Спектры поглощения различных фракций ПБС, выделенных из АО-1 и Syn6803, сравниваются на рисунке 2А. Подробная процедура спектров поглощения описана в статьях7,8. Спектры поглощения от диссоциированного PBS и интактного PBS JSC-1 и Syn6803 имеют одинаковый пик при 622 нм, соответствующий фикоцианину. А пик абсорбции фикоэритрина при 571 нм обнаружен как в диссоциированных PBS, так и в интактных PBS JSC-1. Аллофикоцианин показывает малый пик с плечом при 670 нм в интактных фракциях PBS JSC-1 и Syn6803. Спектральные различия указывают на то, что отношение стержня (фикоцианина) к ядру (аллофикоцианину) выше в диссоциированной PBS, чем в интактной фракции PBS, так как спектральные свойства фикобилипротеинов были определены ранее5. Поскольку диссоциированные PBS и неповрежденные фракции PBS демонстрируют сходные спектры поглощения и флуоресцентные характеристики излучения при комнатной температуре, флуоресцентная спектроскопия 77K затем использовалась для анализа различных фракций, выделенных из градиента сахарозы.
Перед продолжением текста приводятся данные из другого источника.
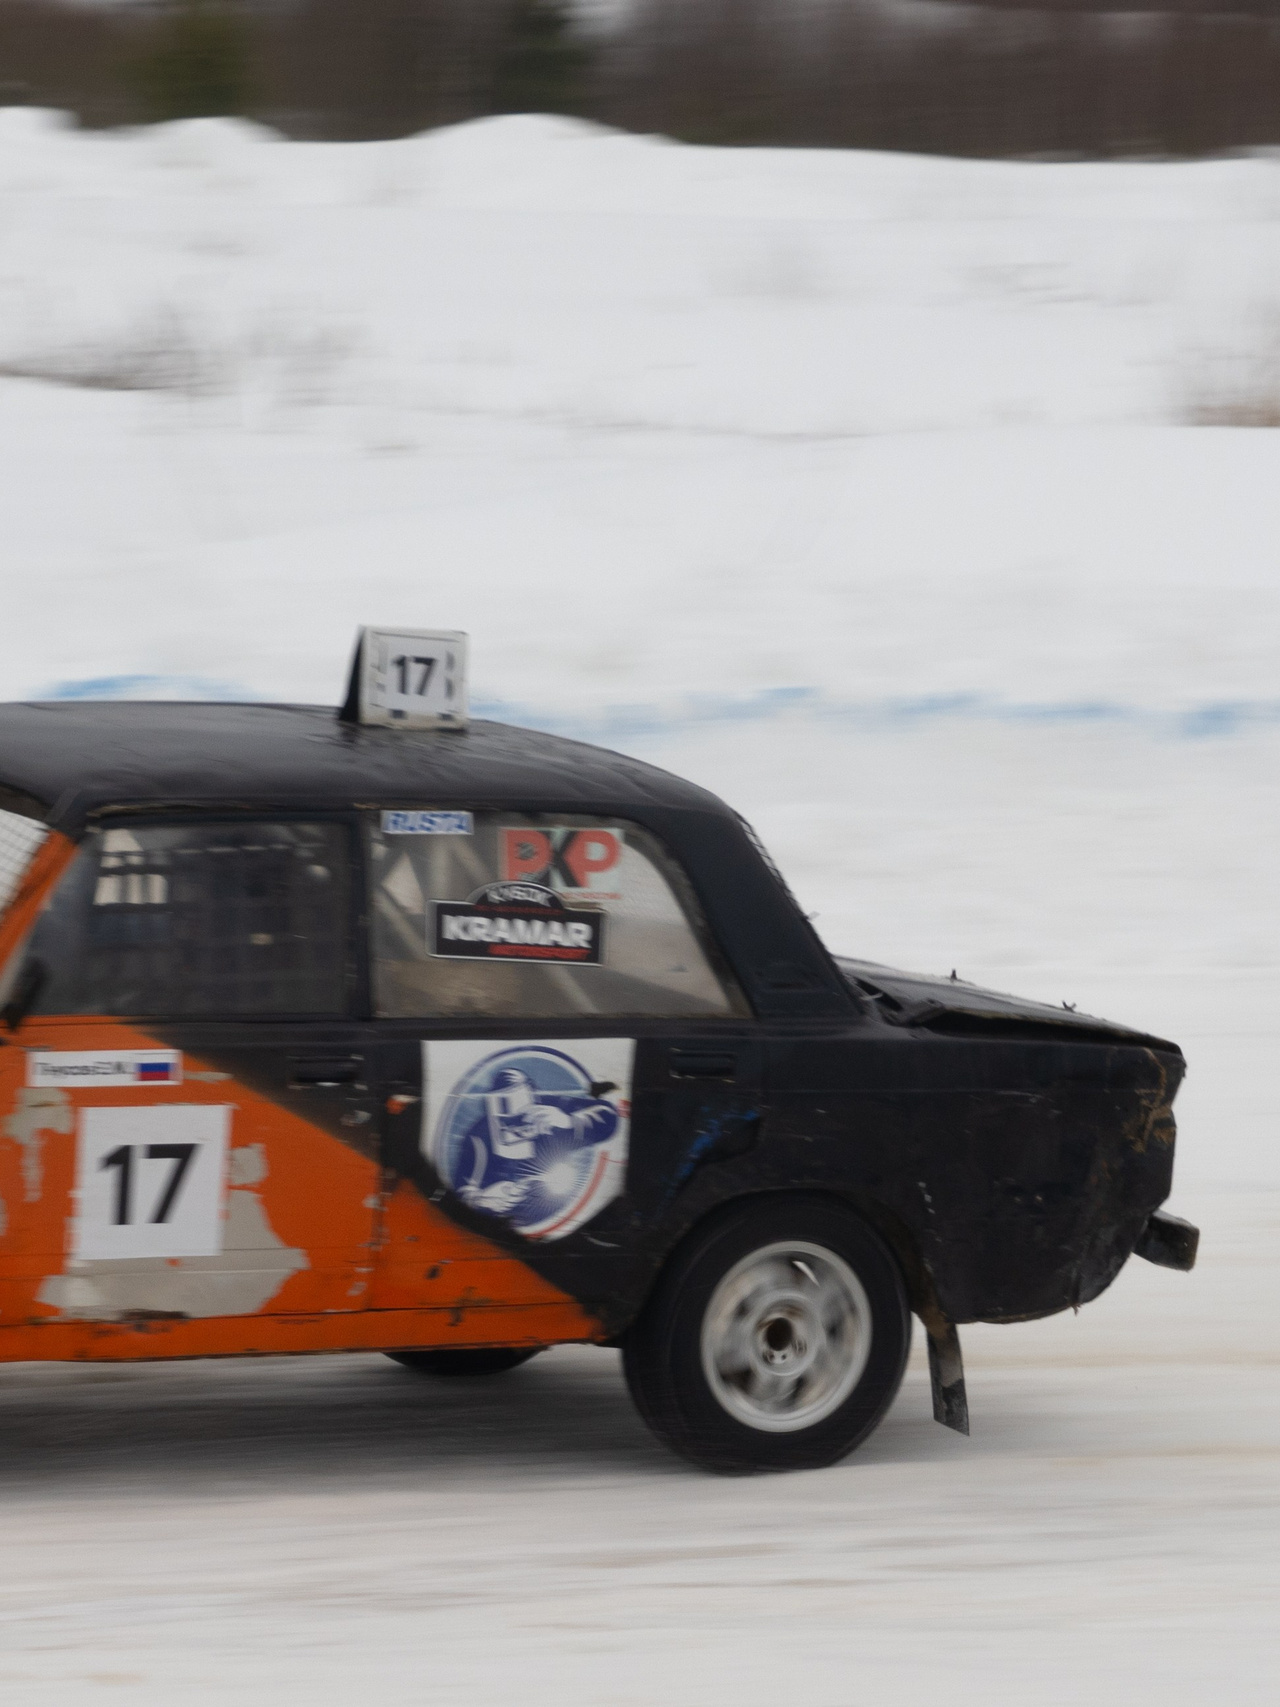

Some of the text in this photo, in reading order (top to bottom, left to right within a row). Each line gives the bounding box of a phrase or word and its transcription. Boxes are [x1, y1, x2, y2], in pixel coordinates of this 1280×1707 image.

[391, 655, 440, 697] 17
[441, 914, 594, 949] KRAMAR
[96, 1142, 204, 1226] 17
Спектры флуоресцентного излучения 77K диссоциированного PBS и неповрежденных фракций PBS возбуждались на 580 нм. Спектры излучения диссоциированного PBS имеют один сильный пик при ~650 нм в Syn6803 и JSC-1, представляющий излучение от фикоцианина (рисунок 2B). Флуоресцентные спектры излучения неповрежденного PBS показывают два максимальных пика флуоресцентного излучения: слабый при 651 нм и сильный при 684 нм, показывая, что энергия, собранная фикоцианином, эффективно передавалась аллофикоцианину и концевым излучателям (ApcD и ApcE) в ядре9 (рисунок 2C). Эти особенности демонстрируют, что самые низкие фракции в градиенте сахарозы содержат неповрежденный PBS.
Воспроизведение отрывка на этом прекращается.